[Dataset entries]
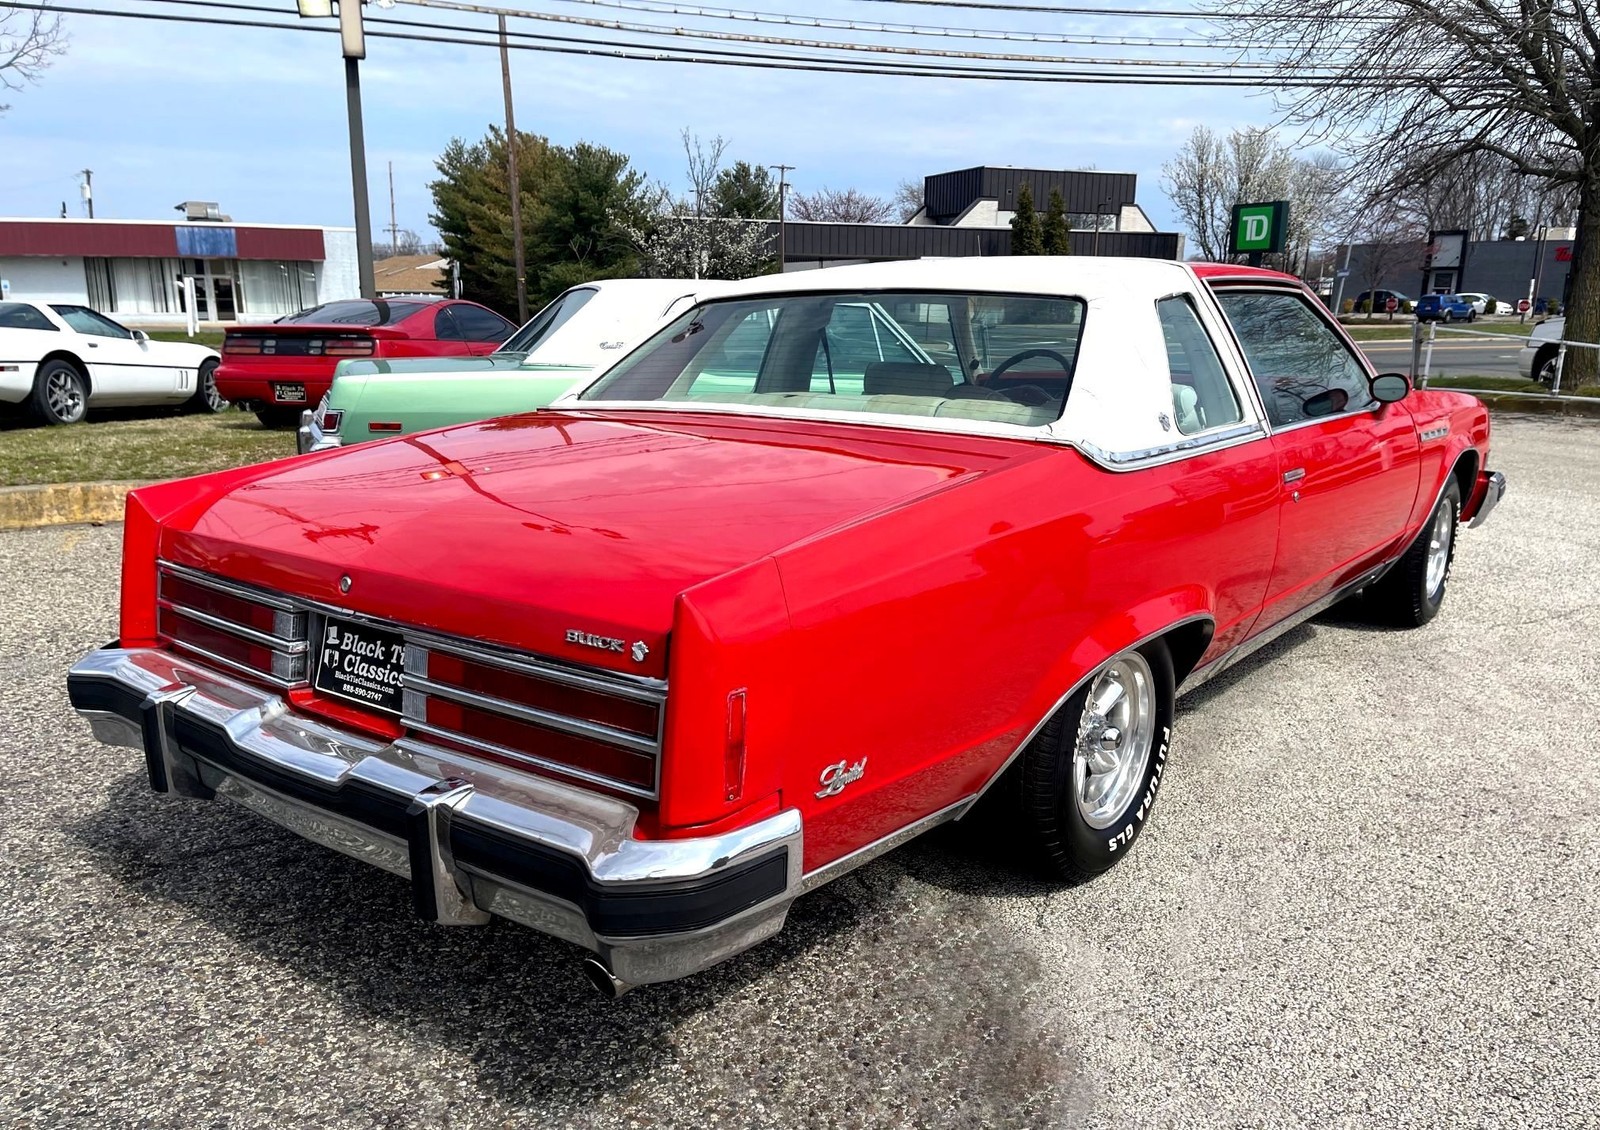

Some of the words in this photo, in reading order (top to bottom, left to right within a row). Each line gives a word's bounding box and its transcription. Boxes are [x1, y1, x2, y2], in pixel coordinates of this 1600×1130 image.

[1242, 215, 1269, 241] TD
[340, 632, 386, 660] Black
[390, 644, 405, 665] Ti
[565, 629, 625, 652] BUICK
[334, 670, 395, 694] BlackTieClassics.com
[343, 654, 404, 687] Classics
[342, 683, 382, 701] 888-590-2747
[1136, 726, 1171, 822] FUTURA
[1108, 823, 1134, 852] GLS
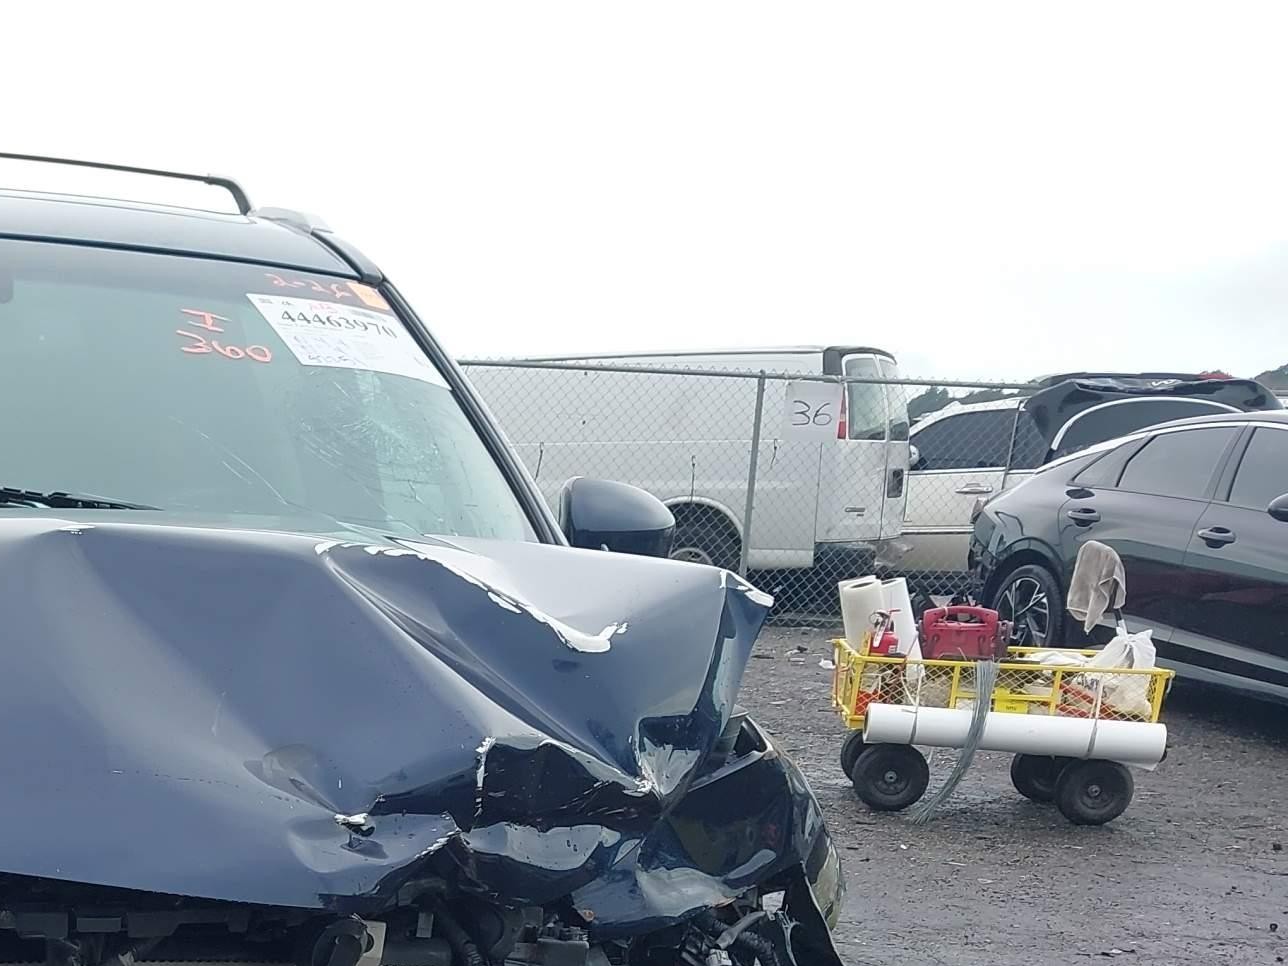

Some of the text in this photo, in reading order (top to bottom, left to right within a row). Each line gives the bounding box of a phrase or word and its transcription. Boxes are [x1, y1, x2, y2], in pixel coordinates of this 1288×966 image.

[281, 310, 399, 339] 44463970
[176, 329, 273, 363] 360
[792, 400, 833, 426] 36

PROMPT ▸ Drop the images and return the data verbatim.

SOLUTION TO THIS PROBLEM ▸
Some of the words in this photo, in reading order (top to bottom, left to right within a row). Each line gives a word's bounding box and its transcription. Boxes are [x1, y1, x2, y2], in pixel coordinates of this 1600×1130 image.

[1242, 215, 1269, 241] TD
[340, 632, 386, 660] Black
[390, 644, 405, 665] Ti
[565, 629, 625, 652] BUICK
[334, 670, 395, 694] BlackTieClassics.com
[343, 654, 404, 687] Classics
[342, 683, 382, 701] 888-590-2747
[1136, 726, 1171, 822] FUTURA
[1108, 823, 1134, 852] GLS

Some of the text in this photo, in reading order (top to bottom, left to right within a row). Each line gives the bounding box of a phrase or word and its transcription. Boxes are [x1, y1, x2, y2], in pixel coordinates of this 1288×966 image.

[281, 310, 399, 339] 44463970
[176, 329, 273, 363] 360
[792, 400, 833, 426] 36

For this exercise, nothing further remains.